Only the Empress of Eeporyo sat in her Diamond Hall. Starlight cast a gentle glow on her through spaces in the ceiling. The cat woman jumped off the podium and padded on 2 feet towards Crowleen. She opened a palm. “You have the amethyst stars?”
“I do.” Crowleen picked them out from behind her dagger holster and passed them over.
“Thank you. Will you help me somewhere to hide them?”
“You trust me?”
“No. I don’t. But you must show me that invisibility spell.”
The Empress was right. Only a time-traveller was capable of the invisibility enchantment once he or she had found a place to hide the object. Could she trust herself with knowledge on their whereabouts?
Her breath snagged hold of something inside her chest.
The Empress inclined her head. “You fear you’ll go mad without a key?”
“That I do.”
“What do you want?”
“Kill me. I don’t trust myself.”
“I cannot kill. Although I’m half cat, I’m half-human too.”
“Humans can be wickeder than cats.”
The next day, the United Wheel’s House Guard secured a carriage onto the back of an eagle bigger than Ama. The Empress had all her luxuries for the long journey ahead.
Darkness had fallen by the time they reached Crowleen’s hideout in Hearthrum. Inside the cavern, stalactites and stalagmites glistened against glow balls. Crowleen opened her palm and gestured towards the natural rock ledge in which she’d always housed her collection of amethyst stars. “We can hide them here.”
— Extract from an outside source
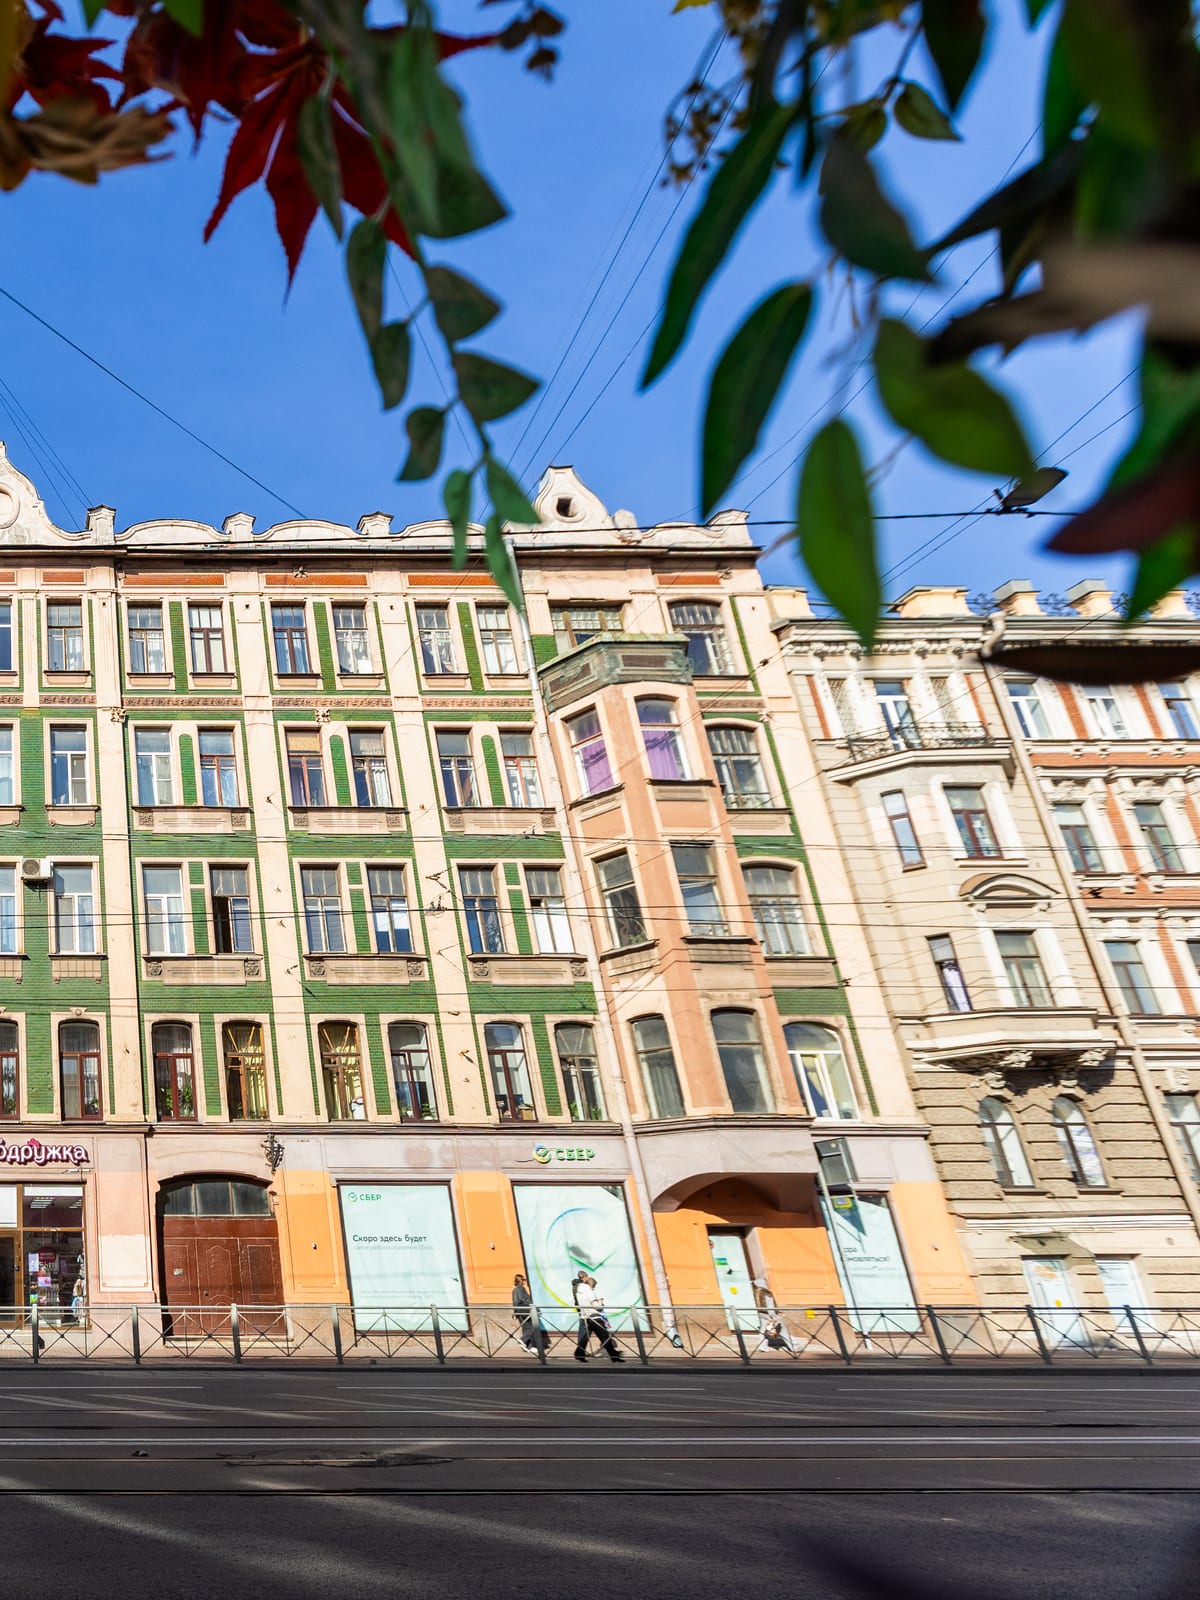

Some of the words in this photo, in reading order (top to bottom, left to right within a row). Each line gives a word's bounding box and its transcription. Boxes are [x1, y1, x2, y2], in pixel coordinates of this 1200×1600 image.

“Don’t tell me how,” the Empress said.
Crowleen placed all eight stars on her shelf where she had carried so many hopes. She closed her eyes and took a deep breath. After exhaling, she waited with empty lungs while visualising eight keys on the shelf. When she breathed in again and opened her eyes, the star-keys looked as if they were no longer there.
The Empress’s stare darted from Crowleen to the ledge. “It worked.” She crept to the ledge. Her eyes widened as she ran her clawed hand along the mineral surface. “Where are they?”
“Still there. But no one can feel or touch the keys. Only a time-traveller could bring them back.”
“Can a time traveller come from outside the boundaries?”
“I’m not sure.”
Outside, Eeporyo’s Empress asked, “Where would you like to die?”
Crowleen winced. In the past, she would still have clones waiting to be activated. But when she’d got depressed during her weeks in the Firesnake, she’d destroyed all her clones. “Take me to the volcano in the South. Where orange groves grow.”
When they reached the orange grove, Crowleen stood by a bubbling sulphur pool on Steamy Vent’s volcanic plateau. Above the stench of rotten egg, Eeporyo’s three crescent moons rested in a triangle. She detached her case of daggers and gave them to the Empress. “Give these to my friend, Sharr Shuvuu.”
The Empress tied them around her torso. “Are you ready?”
Crowleen nodded.
Two Phoenix with human arms and hands stalked forward. They aimed their laser guns.